The separated city mark and date letter indicates; 1st standard silver or grote keur for 934/1000 fineness. ( 2nd standard or Kleine keur
, combined city mark and date letter in one shield). Maastricht used various silver standards and silver of Maastricht with the old Guild marks are hard to find.Maastricht's history in a nut shell.
Maastricht, an old Catholic stronghold and perhaps even the oldest settlement and city in the Netherlands. The important strategic location of Maastricht resulted during the ages in the construction of an impressive array of fortifications around the city.
In 1579, when Spain ruled the Netherlands, the city of Maastricht was in the hands of Dutch rebels. In 1579, on the 12th of March, the Spanish General Alexander Farnese started to lay siege to the city with his army consisting of 20,000
men. The same year, on June 29th, the city was conquered and ransacked for more than three days, looting by the Spanish soldiers, citizen were raped and killed, blood and treasure lost including most of Maastricht's silver. Famiano Strada (Rome, 1572 - there, June 9, 1649) a Jesuit priest, historian and moralist, estimated the value of the booty, more than one million guilders.
Maastricht was occupied by the Spanish troops for 53 years. In 1632 the city was conquered by Frederick Henry the protestant Prince of Orange. His victory brought a certain degree of stability and introduced a new era of religious tolerance. The citizens of Maastricht had suffered tremendously during all sieges of their town but now Protestants and Catholics could coexist in some sort of harmony. In 1634 Maastricht came under tread of another Spanish siege and church & citizens were summoned by the Magistrate of Maastricht to hand over their silver & gold, in order to make coins, to pay for the extra costs to defend the city.
French troops occupied Maastricht from 1673 to 1678. From 1748 till 1749 the French once again conquered the city. The French took the city one last time in 1794 and Maastricht was annexed to the First French Empire.In 1795 the bourgeoisie of Maastricht were forced to pay a very high war tax or if they could not comply to hand over their gold & silver and 1796 the municipal officials of Maastricht were ordered to hand over all their official silver to the French.
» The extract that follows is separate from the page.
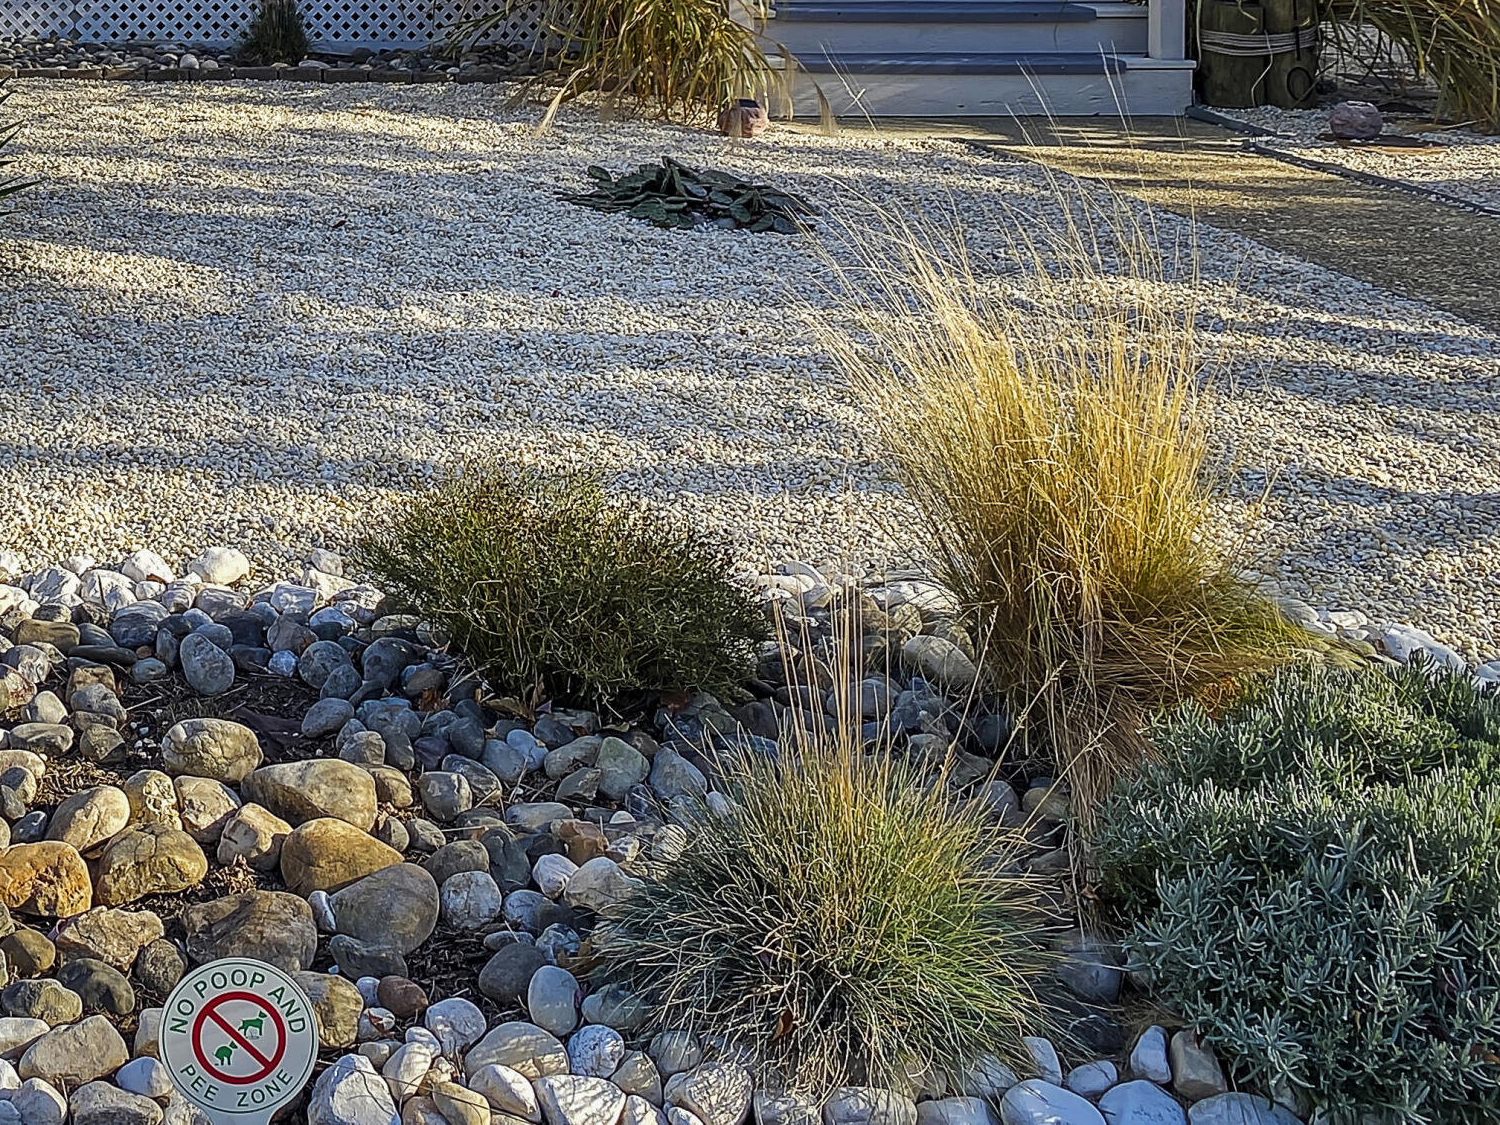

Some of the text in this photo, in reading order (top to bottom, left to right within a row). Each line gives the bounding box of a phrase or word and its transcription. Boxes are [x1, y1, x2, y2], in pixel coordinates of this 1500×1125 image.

In 1795, the Old Regime of the Dutch republic under William V, Prince of Orange fled to the safety of England. History reveals that in general the Dutch citizen were not against the French and welcomed the later introduced Napoleonic Code or Code Napoléon, and officially Code civil des Français; the French civil code established under Napoleon I in 1804. The code forbade privileges based on birth, allowed freedom of religion, and specified that government jobs should go to the most qualified. These laws reflected the spirit of the French Revolution, and essentially liberated the common people of Europe and ended the Old Regime. Today the Civil Code forms the basis of many European legal systems.
After the Napoleonic Wars, the allies set to work to redraw the map of Europe. The solution they came up with for the Netherlands was to build a new united state combining Belgium and Holland to form a strong buffer to the north of France. This union did not last long. In 1830 the Belgians rose against the monarch and government of the north and declared their independence. Geographically Maastricht should have become a part of Belgium, but the garrison under General Dibbets remained loyal to the house of Orange. And in 1839, to the discontent of the Belgians, the province of Limburg was partitioned with Maastricht remaining in Dutch hands.